[THE INPUT]

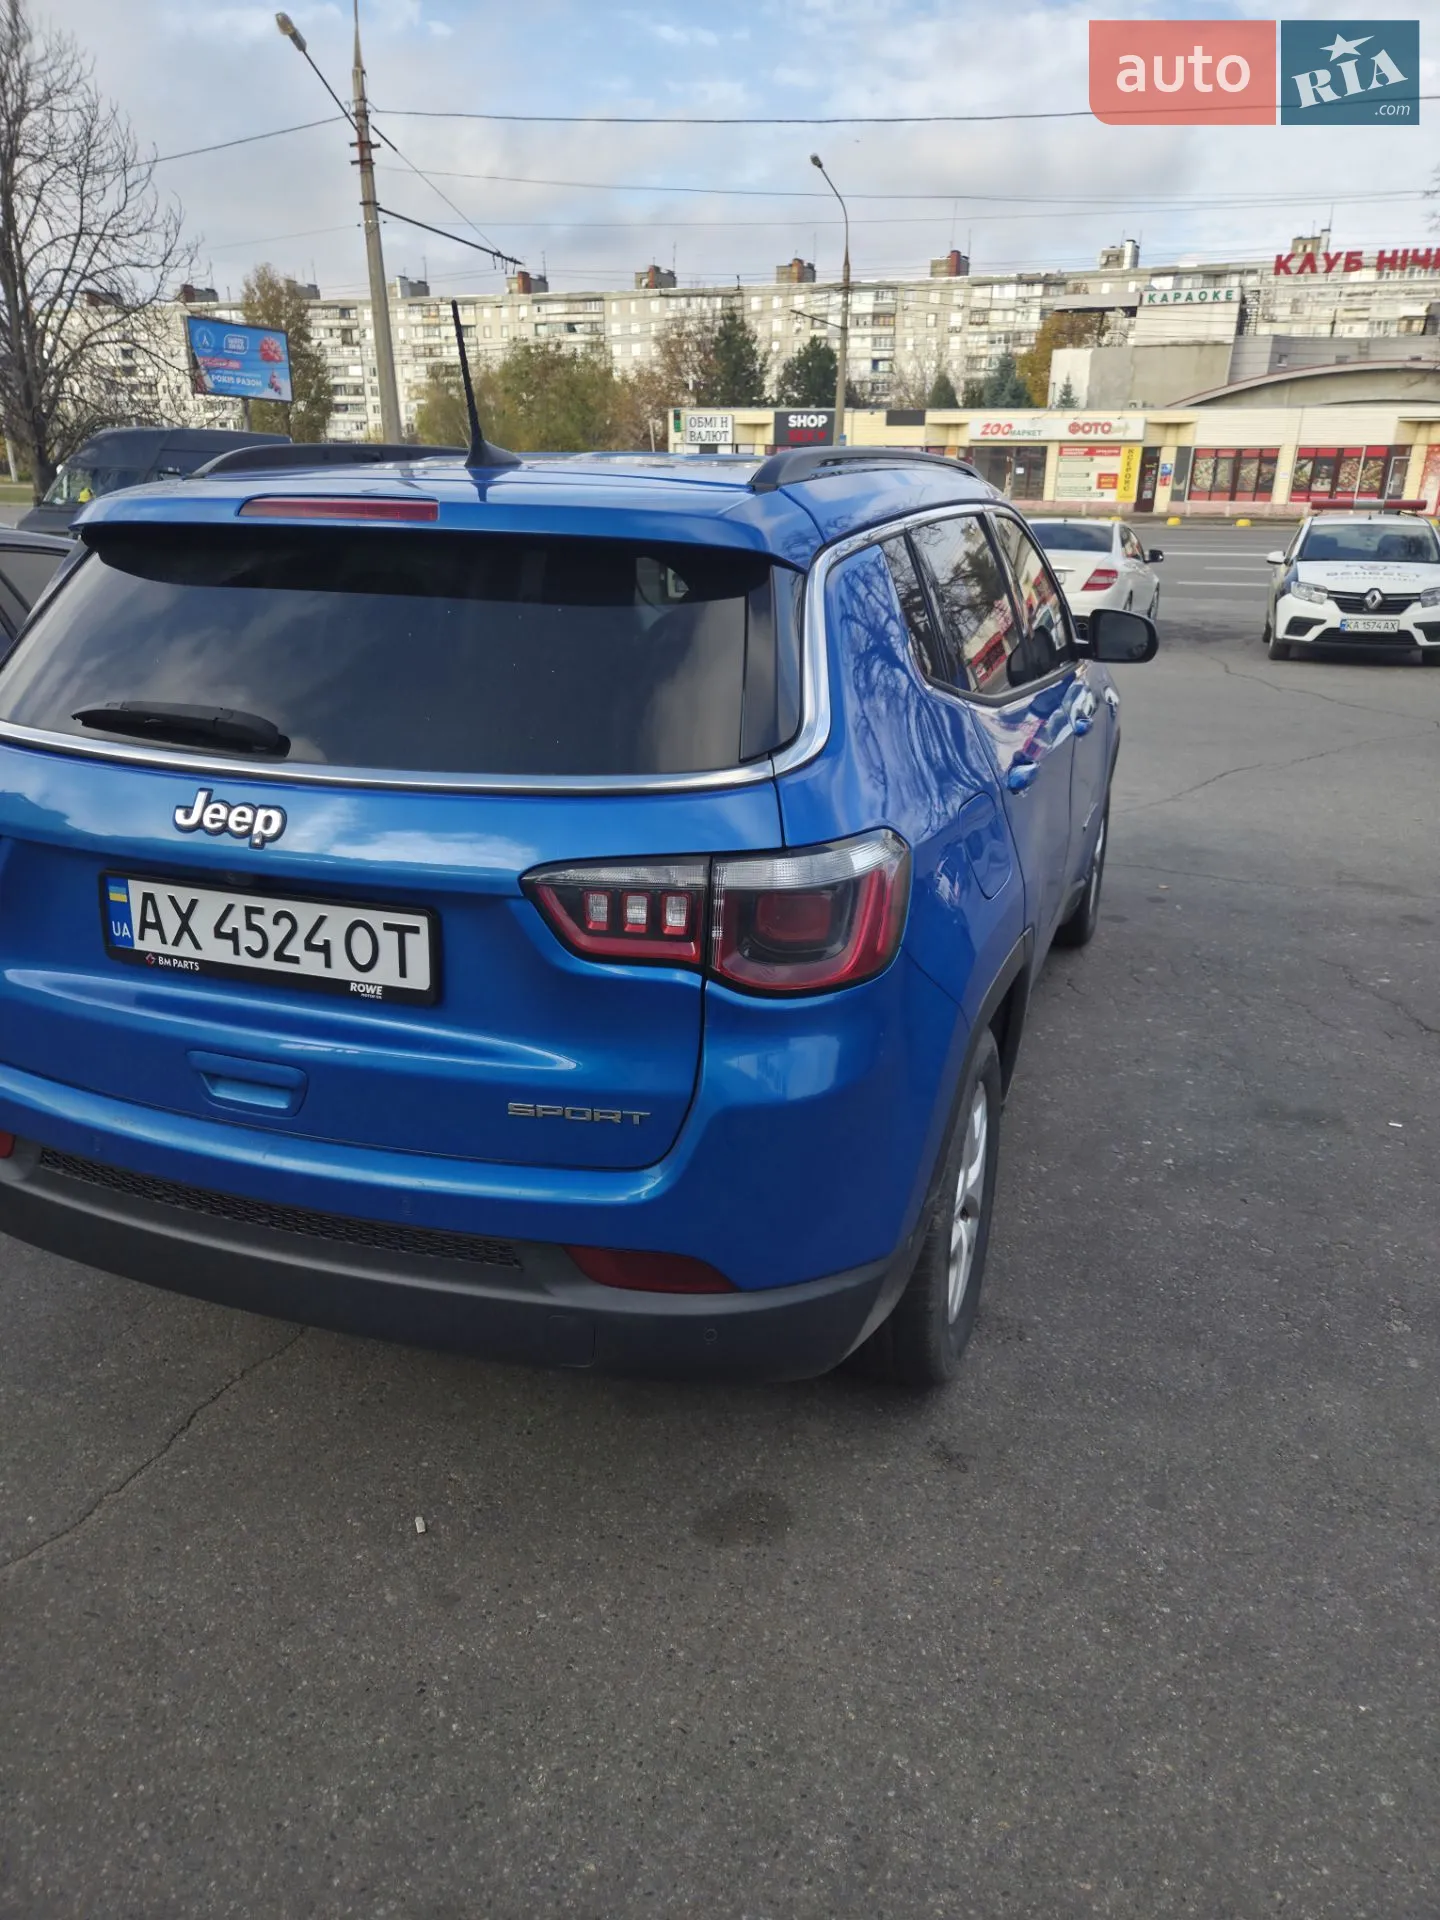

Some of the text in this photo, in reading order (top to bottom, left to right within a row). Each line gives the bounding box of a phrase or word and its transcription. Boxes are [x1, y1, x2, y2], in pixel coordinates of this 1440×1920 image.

[1273, 251, 1364, 276] КЛУБ
[1148, 289, 1234, 303] КАРАОКЕ
[788, 414, 828, 428] SHOP
[1068, 422, 1112, 435] ФОТО
[689, 430, 729, 442] ВАЛЮТ
[174, 788, 286, 848] Jeep
[138, 891, 203, 951] AX
[112, 920, 132, 939] UA
[158, 956, 200, 972] BM PARTS
[350, 982, 383, 995] ROWE
[508, 1102, 650, 1125] SPORT
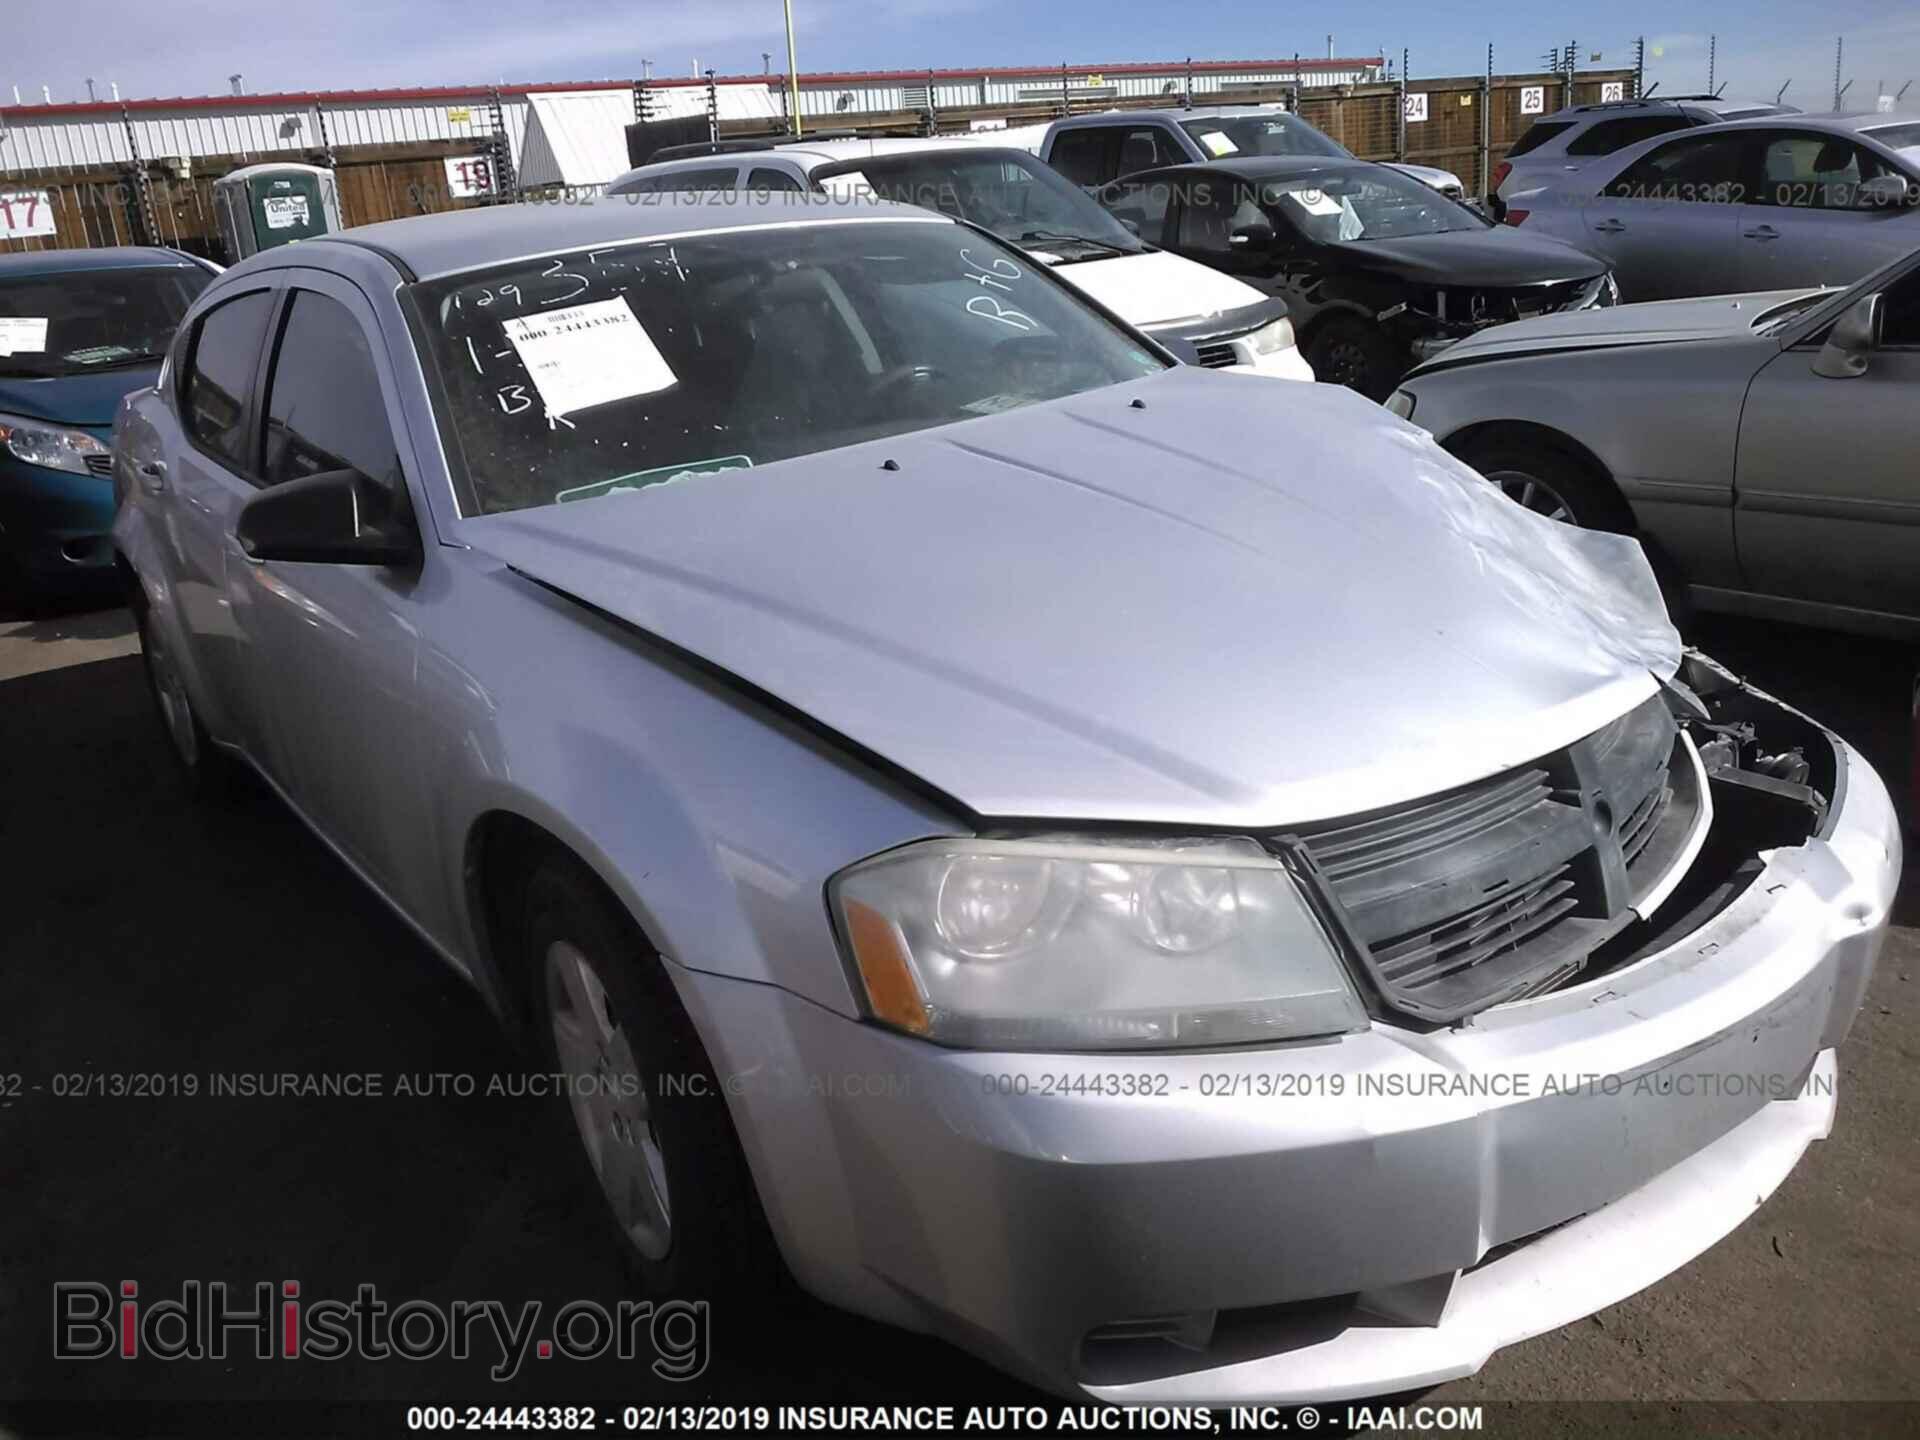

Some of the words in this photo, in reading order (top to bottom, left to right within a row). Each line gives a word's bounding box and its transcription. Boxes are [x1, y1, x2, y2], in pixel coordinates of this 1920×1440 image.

[1524, 91, 1541, 109] 25
[1604, 86, 1620, 101] 26
[1405, 97, 1424, 116] 24
[455, 160, 491, 191] 19
[0, 197, 38, 229] 17
[270, 202, 306, 214] United
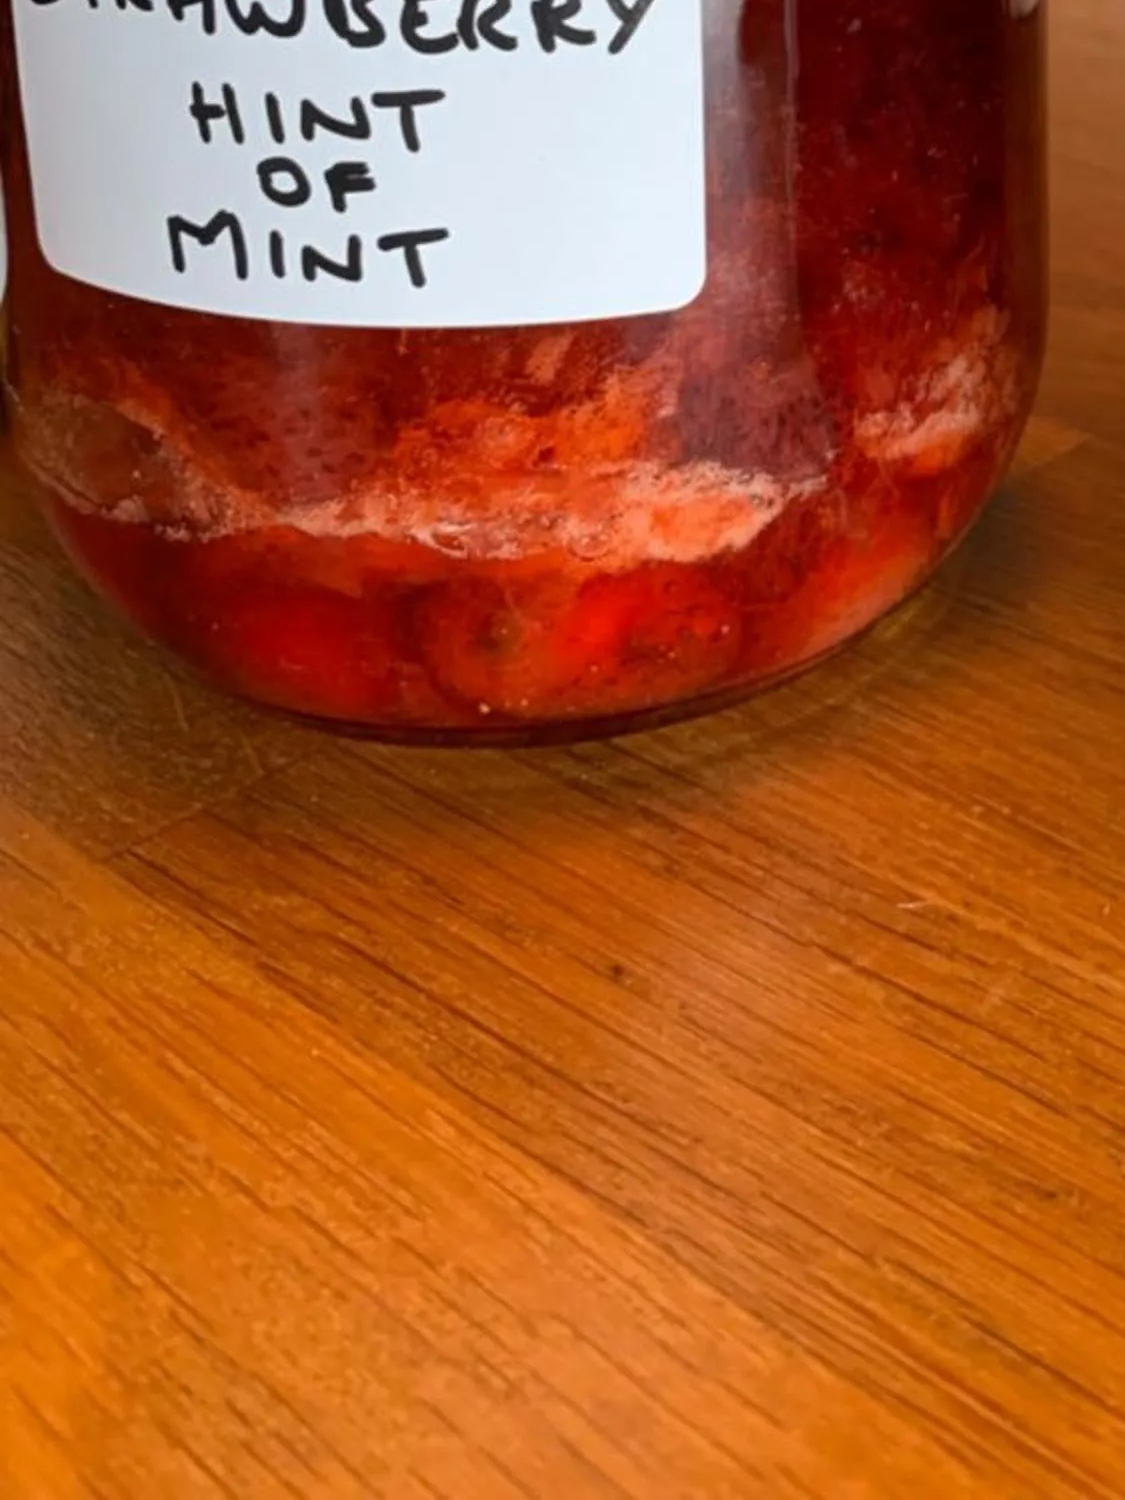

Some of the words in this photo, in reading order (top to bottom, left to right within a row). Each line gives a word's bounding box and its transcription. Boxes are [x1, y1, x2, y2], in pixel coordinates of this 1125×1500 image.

[/THE INPUT]

• WORK ITEM
Pictures should be omitted. Please return exactly the lines from the line that holds "this 1920×1440 image." through the end of the records.

• ANSWER BOX
Some of the words in this photo, in reading order (top to bottom, left to right within a row). Each line gives a word's bounding box and its transcription. Boxes are [x1, y1, x2, y2], in pixel coordinates of this 1920×1440 image.

[1524, 91, 1541, 109] 25
[1604, 86, 1620, 101] 26
[1405, 97, 1424, 116] 24
[455, 160, 491, 191] 19
[0, 197, 38, 229] 17
[270, 202, 306, 214] United

Some of the words in this photo, in reading order (top to bottom, left to right within a row). Each line gives a word's bounding box and its transcription. Boxes are [x1, y1, x2, y2], in pixel coordinates of this 1125×1500 image.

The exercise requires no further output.